= Task to carry out =
From first line to last, copy the listing exactly and omit its pictures.

= Records shown =
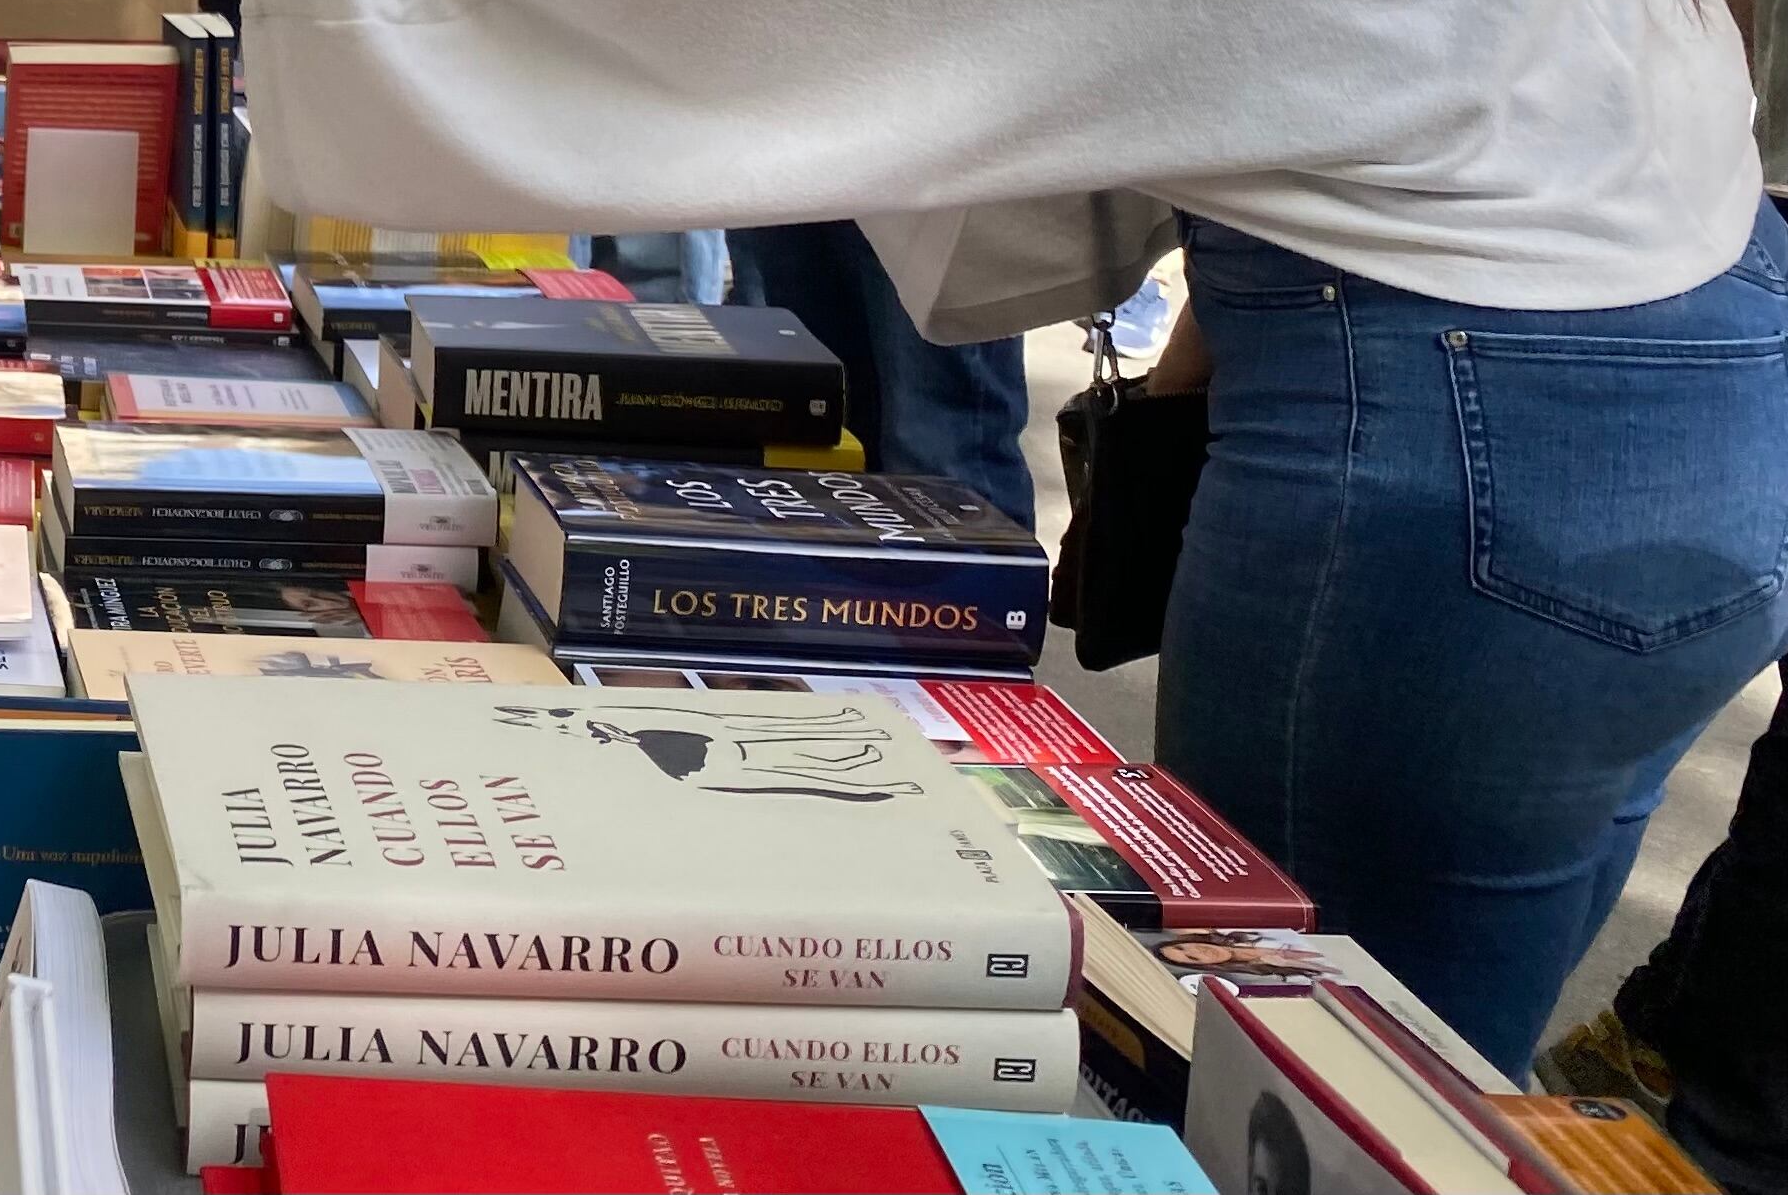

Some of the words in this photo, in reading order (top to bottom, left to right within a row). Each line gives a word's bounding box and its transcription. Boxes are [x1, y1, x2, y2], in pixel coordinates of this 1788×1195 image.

[465, 368, 603, 421] MENTIRA
[667, 479, 735, 510] LOS
[736, 477, 826, 520] TRES
[809, 471, 926, 543] MUNDOS
[93, 576, 126, 615] MÍNGUEZ
[600, 566, 616, 629] SANTIAGO
[653, 589, 718, 619] LOS
[732, 593, 809, 623] TRES
[821, 598, 979, 632] MUNDOS
[224, 787, 293, 867] JULIA
[295, 743, 353, 868] NAVARRO
[343, 751, 426, 868] CUANDO
[423, 778, 496, 870] ELLOS
[482, 774, 547, 830] VAN
[521, 831, 567, 872] SE
[224, 924, 386, 969] JULIA
[408, 930, 680, 976] NAVARRO
[713, 933, 843, 962] CUANDO
[855, 937, 954, 964] ELLOS
[781, 967, 820, 990] SE
[825, 968, 887, 992] VAN
[233, 1021, 394, 1067] JULIA
[416, 1029, 688, 1077] NAVARRO
[721, 1036, 852, 1064] CUANDO
[861, 1039, 962, 1066] ELLOS
[789, 1070, 828, 1092] SE
[834, 1071, 897, 1094] VAN

= Your response =
Some of the words in this photo, in reading order (top to bottom, left to right within a row). Each line gives a word's bounding box and its transcription. Boxes are [x1, y1, x2, y2], in pixel coordinates of this 1788×1195 image.

[465, 368, 603, 421] MENTIRA
[667, 479, 735, 510] LOS
[736, 477, 826, 520] TRES
[809, 471, 926, 543] MUNDOS
[93, 576, 126, 615] MÍNGUEZ
[600, 566, 616, 629] SANTIAGO
[653, 589, 718, 619] LOS
[732, 593, 809, 623] TRES
[821, 598, 979, 632] MUNDOS
[224, 787, 293, 867] JULIA
[295, 743, 353, 868] NAVARRO
[343, 751, 426, 868] CUANDO
[423, 778, 496, 870] ELLOS
[482, 774, 547, 830] VAN
[521, 831, 567, 872] SE
[224, 924, 386, 969] JULIA
[408, 930, 680, 976] NAVARRO
[713, 933, 843, 962] CUANDO
[855, 937, 954, 964] ELLOS
[781, 967, 820, 990] SE
[825, 968, 887, 992] VAN
[233, 1021, 394, 1067] JULIA
[416, 1029, 688, 1077] NAVARRO
[721, 1036, 852, 1064] CUANDO
[861, 1039, 962, 1066] ELLOS
[789, 1070, 828, 1092] SE
[834, 1071, 897, 1094] VAN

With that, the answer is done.